WORK ORDER: The records below must be repeated exactly, but without their pictures.

Stored data entries:
----------
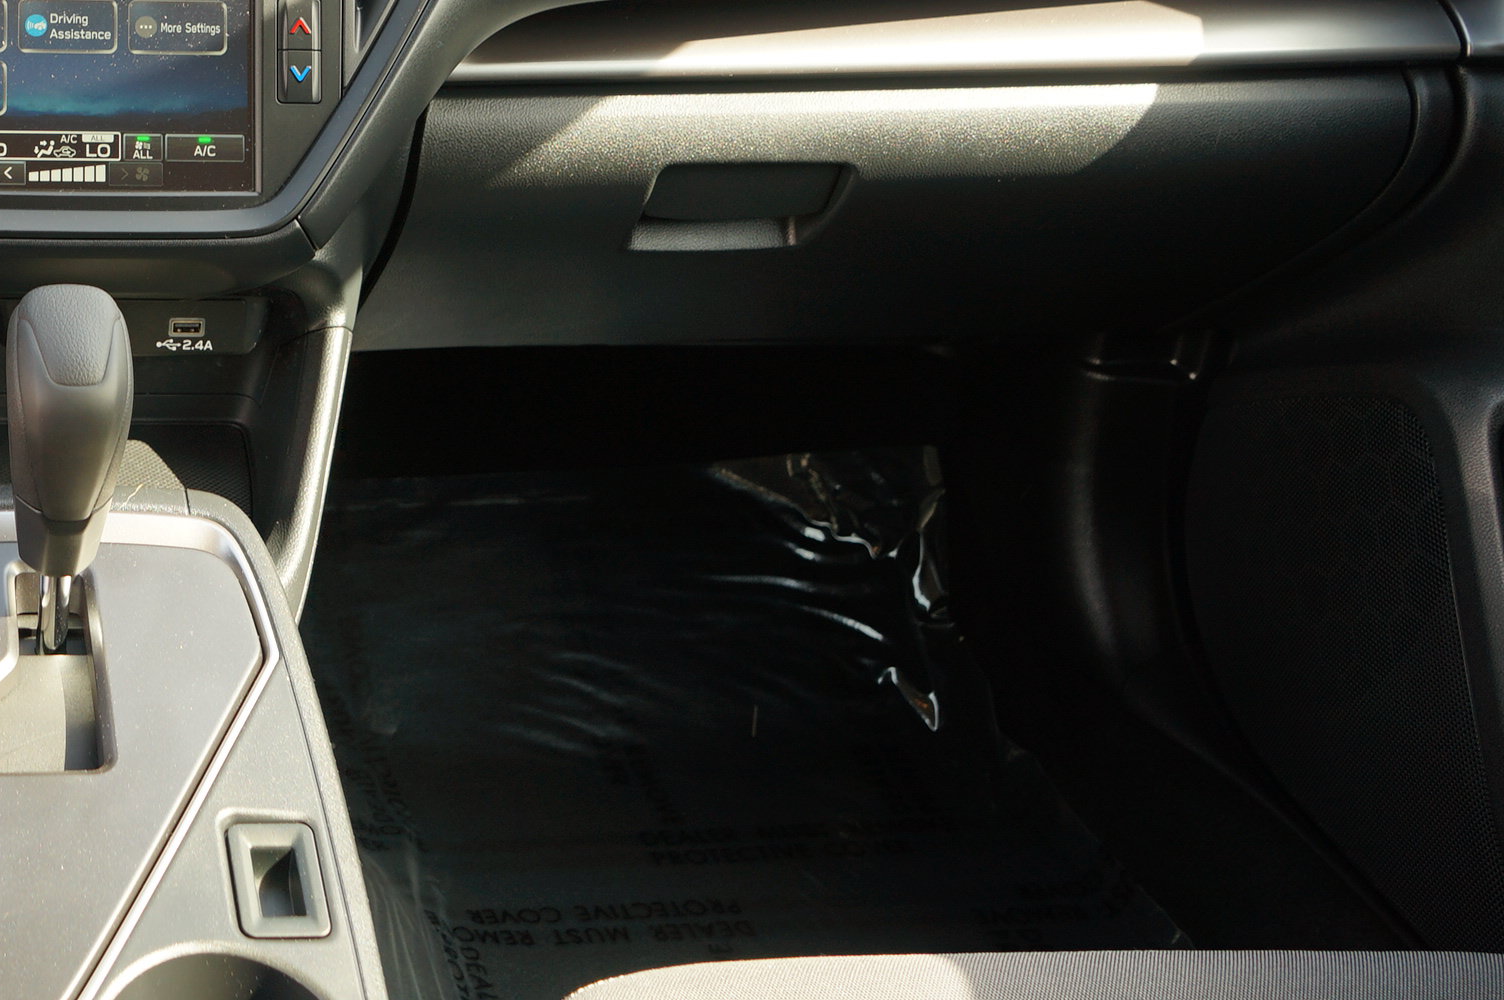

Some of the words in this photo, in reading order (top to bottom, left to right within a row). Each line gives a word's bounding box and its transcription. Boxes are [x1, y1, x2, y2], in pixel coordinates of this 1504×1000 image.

[50, 13, 89, 27] Driving
[50, 28, 112, 41] Assistance
[160, 22, 183, 34] More
[185, 22, 221, 35] Settings
[60, 134, 78, 145] A/C
[85, 144, 111, 158] LO
[132, 147, 153, 160] ALL
[193, 144, 217, 158] A/C
[182, 339, 213, 351] 2.4A
[464, 906, 563, 926] COVER
[574, 898, 742, 924] PROTECTIVE
[452, 925, 534, 947] REMO
[553, 925, 631, 947] MUST
[651, 919, 757, 943] DEALER
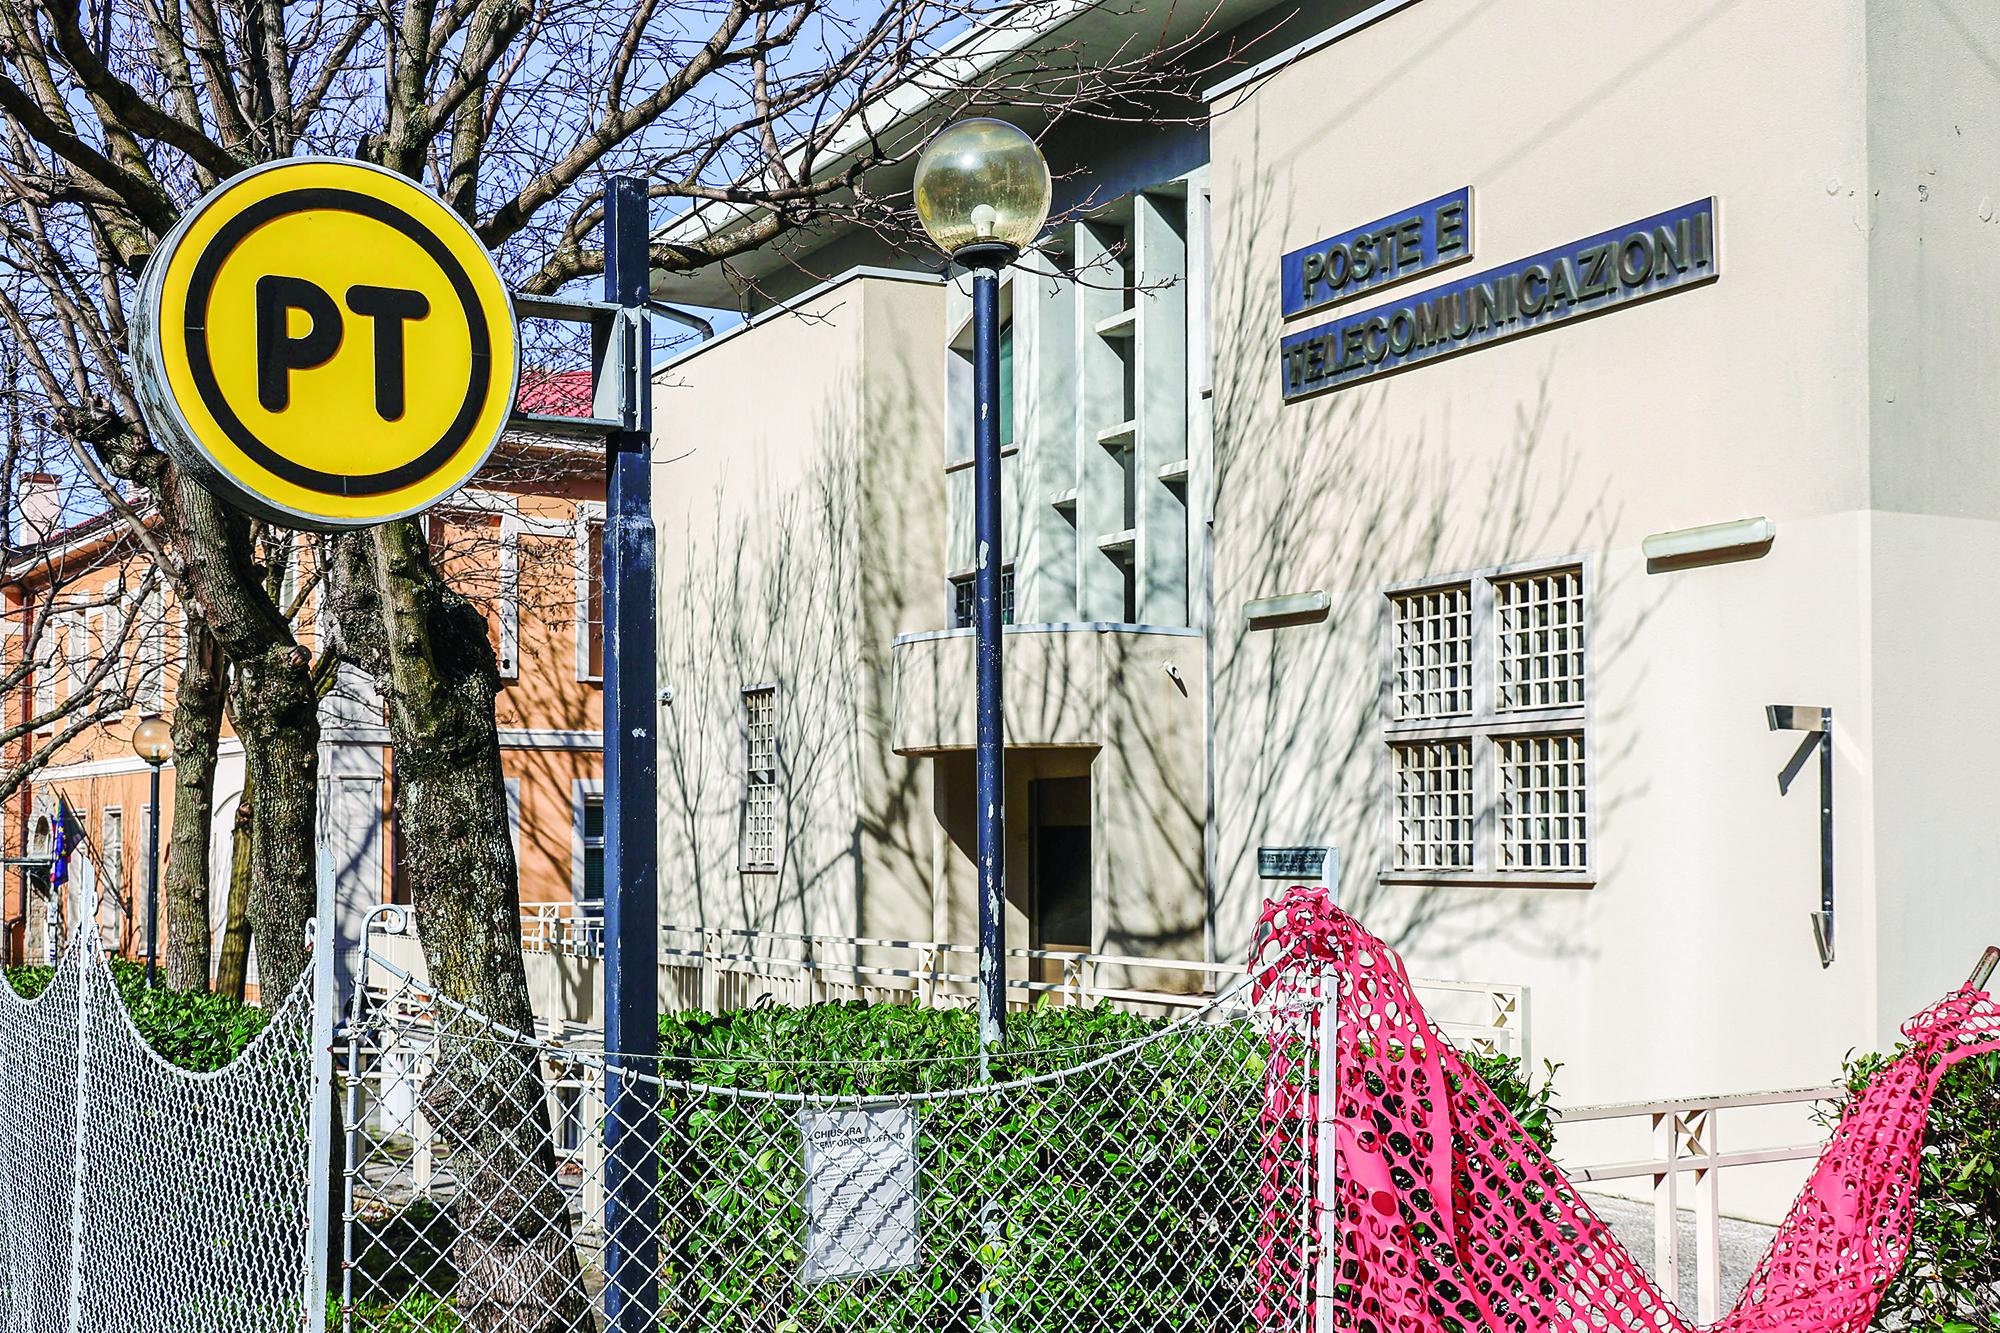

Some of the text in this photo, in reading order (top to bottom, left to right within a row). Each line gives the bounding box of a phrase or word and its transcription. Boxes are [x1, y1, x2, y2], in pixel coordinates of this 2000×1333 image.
----------
YOUR RESPONSE:
Some of the words in this photo, in reading order (top to bottom, left to right within a row). Each line gives a word's bounding box and its transcription. Boxes are [x1, y1, x2, y2], in pixel coordinates of this 1504×1000 image.

[50, 13, 89, 27] Driving
[50, 28, 112, 41] Assistance
[160, 22, 183, 34] More
[185, 22, 221, 35] Settings
[60, 134, 78, 145] A/C
[85, 144, 111, 158] LO
[132, 147, 153, 160] ALL
[193, 144, 217, 158] A/C
[182, 339, 213, 351] 2.4A
[464, 906, 563, 926] COVER
[574, 898, 742, 924] PROTECTIVE
[452, 925, 534, 947] REMO
[553, 925, 631, 947] MUST
[651, 919, 757, 943] DEALER

Some of the text in this photo, in reading order (top to bottom, left to right within a row). Each line gives the bounding box of a phrase or word and its transcription. Boxes are [x1, y1, x2, y2], in pixel coordinates of this 2000×1333 image.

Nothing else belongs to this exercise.